Toleramos os gays, desde que não sejam gays em público. Devem manter as aparências cobradas pela família branca heterossexual. Toleramos a alcova, mas reprimimos violentamente em público. O indesejado incomoda a ponto de alguns jovens – vejam bem, jovens, aqueles que esperamos que sejam mais  liberais, menos preconceituosos – partirem para a barbárie contra dois homens que pensaram que eram um casal.  Ou pior, assassinarem 128 gays em 2011 por serem… gays

A reclamação sobre serviçais segue a mesma lógica. Queremos ter empregadas domésticas que passem despercebidas, que não tenham assunto para conversa, que não reclamem e que, obviamente, não ousem se colocar em pé de igualdade conosco, patrões bons e ilustrados. Ou seja, empregados domésticos devem ser serviçais, de cabeça baixa sempre, numa quase reverência, devem ser invisíveis, e, mais importante de tudo, não reclamar, nunca!
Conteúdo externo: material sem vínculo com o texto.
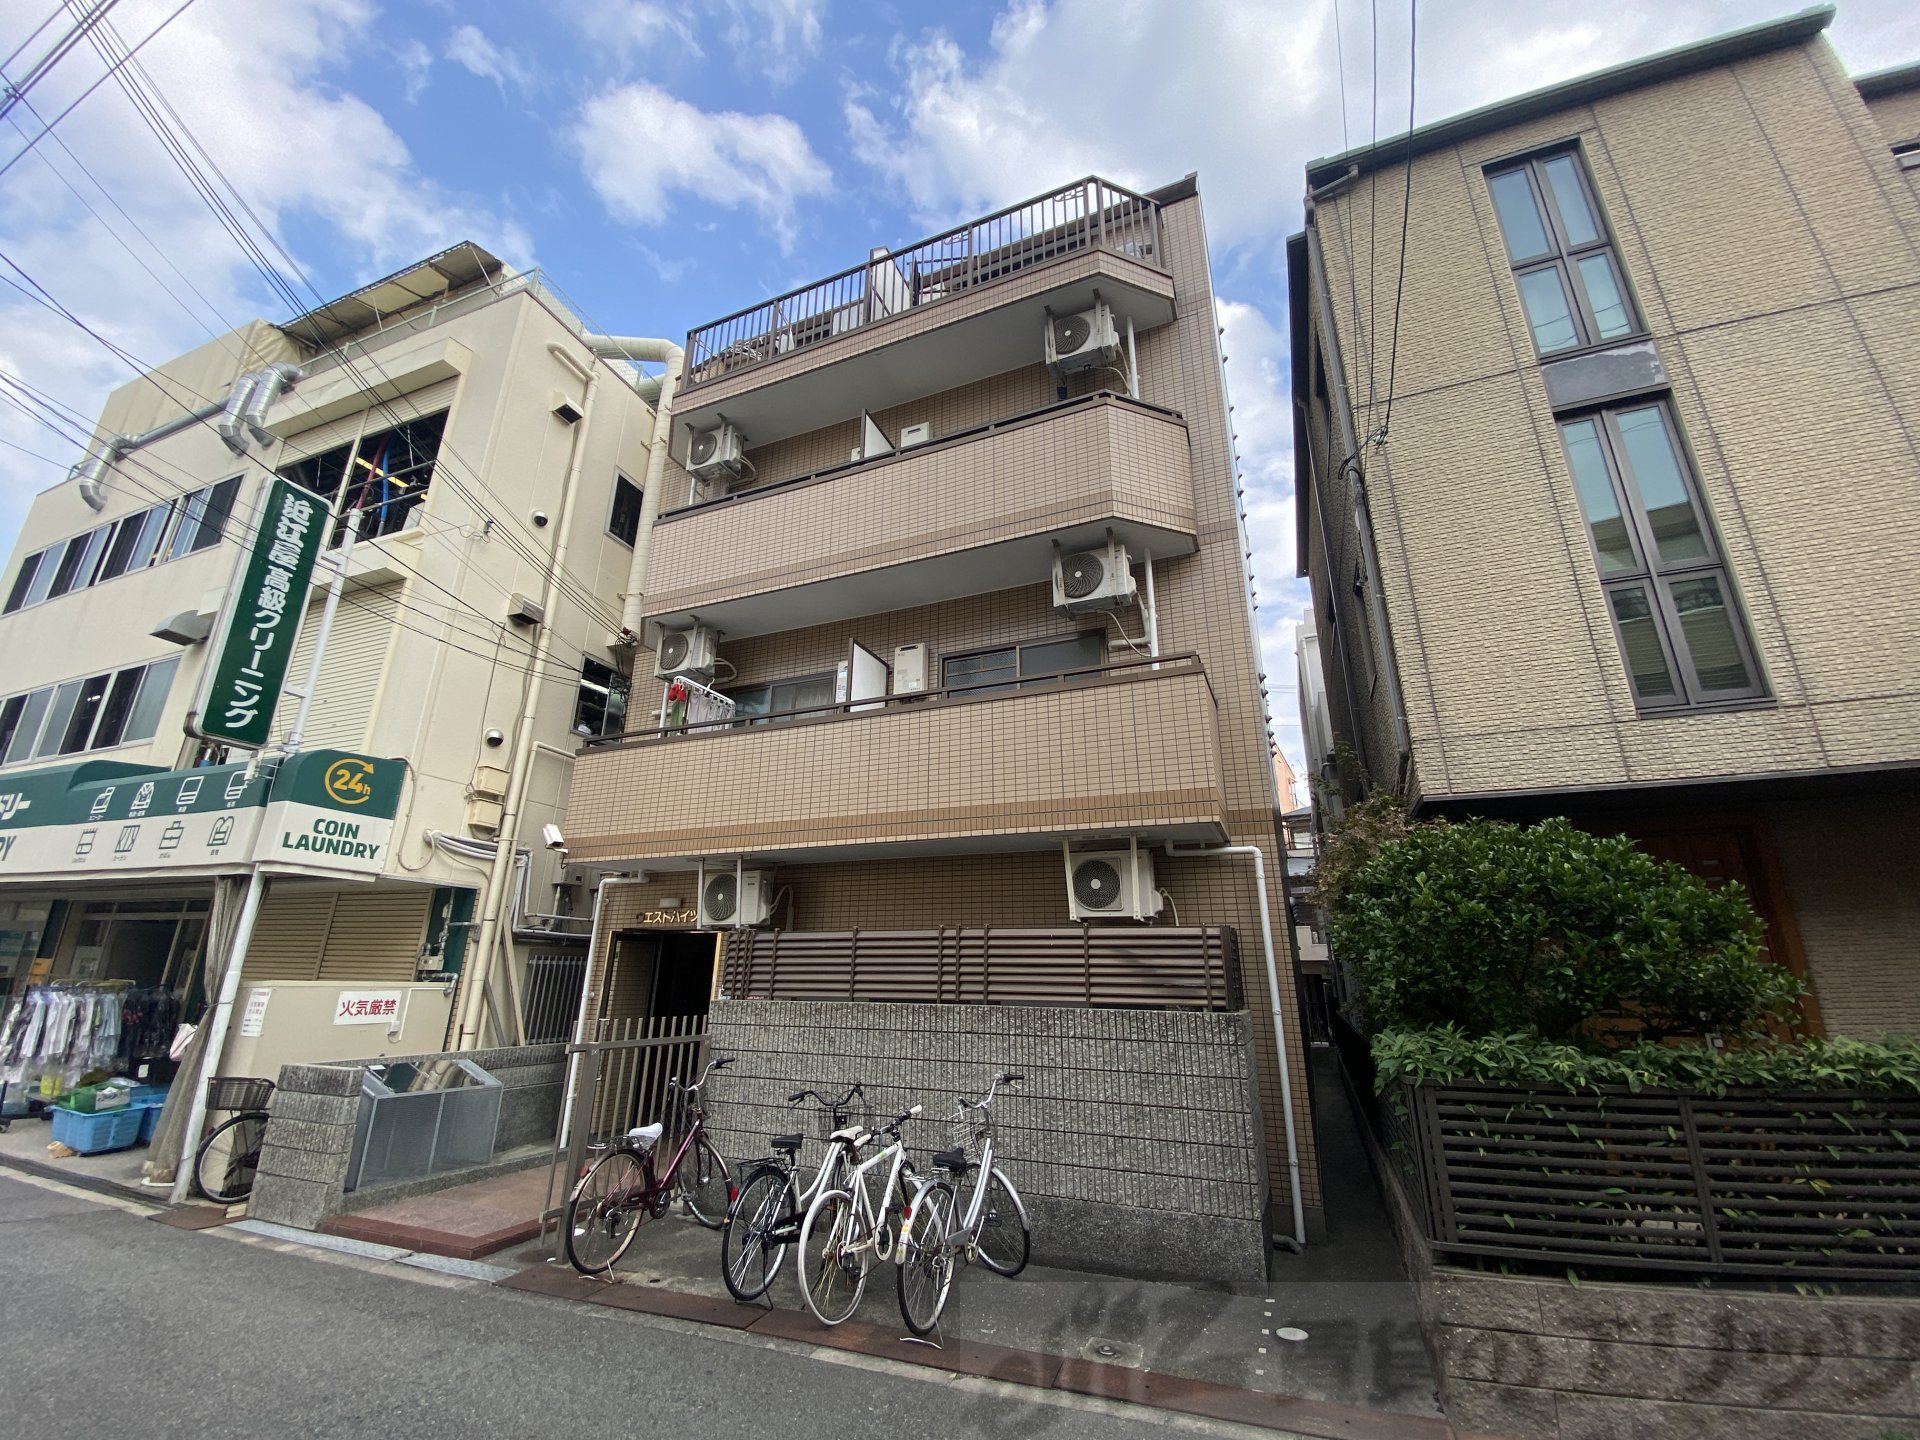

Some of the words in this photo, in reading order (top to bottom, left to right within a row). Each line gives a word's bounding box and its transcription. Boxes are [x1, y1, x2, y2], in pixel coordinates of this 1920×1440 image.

É isso que depreendemos do texto de hoje da conceituada Nina Horta, Chef de Cozinha , dona de Buffet e colunista da Folha de São Paulo. Nela Horta fala com saudades de uma antiga empregada sua que “lavava e passava com perfeição, e era uma inglesa, só conversava sobre tempo e flores”, e “nunca se queixou do trabalho extra” e que agora são “as novas ricas, que tomavam emprestado o status das patroas. Sabiam nomes de políticos, celebridades, peruas, esnobes sem causa”, para concluir com chave de ouro: “Por que se foram as boas empregadas dos bons patrões, é a pergunta”.

Por que? Eu me atrevo a tentar responder. Porque agora querem ter direitos, querem ter jornada de trabalho, porque agora ousam dizer não. Não querem ser “boas empregadas”, aquelas que só dizem docilmente  “sim”. Querem ser trabalhadores, como qualquer outro.

E os gays querem ser iguais, querem poder andar de mãos dadas com seu (sua) namorado(a), querem, inclusive, casar, coisa que ameaça não a tal família brasileira, mas o preconceito inculcado sobre a promiscuidade.  A proibição do casamento homossexual é a trincheira a ser defendida porque nos mostra que os gays são iguais a nós.

E tudo isso assusta. Assusta quem foi criado num ambiente segregado, que tem seus parâmetros fixos que colocam cada macaco no seu galho, previamente estabelecido, claro.

Aí, quando se rompem os galhos, há séculos estabelecidos, a revolta é geral, pois mostram o quão iguais os diferentes são. Mas isso, para muitos, é intolerável.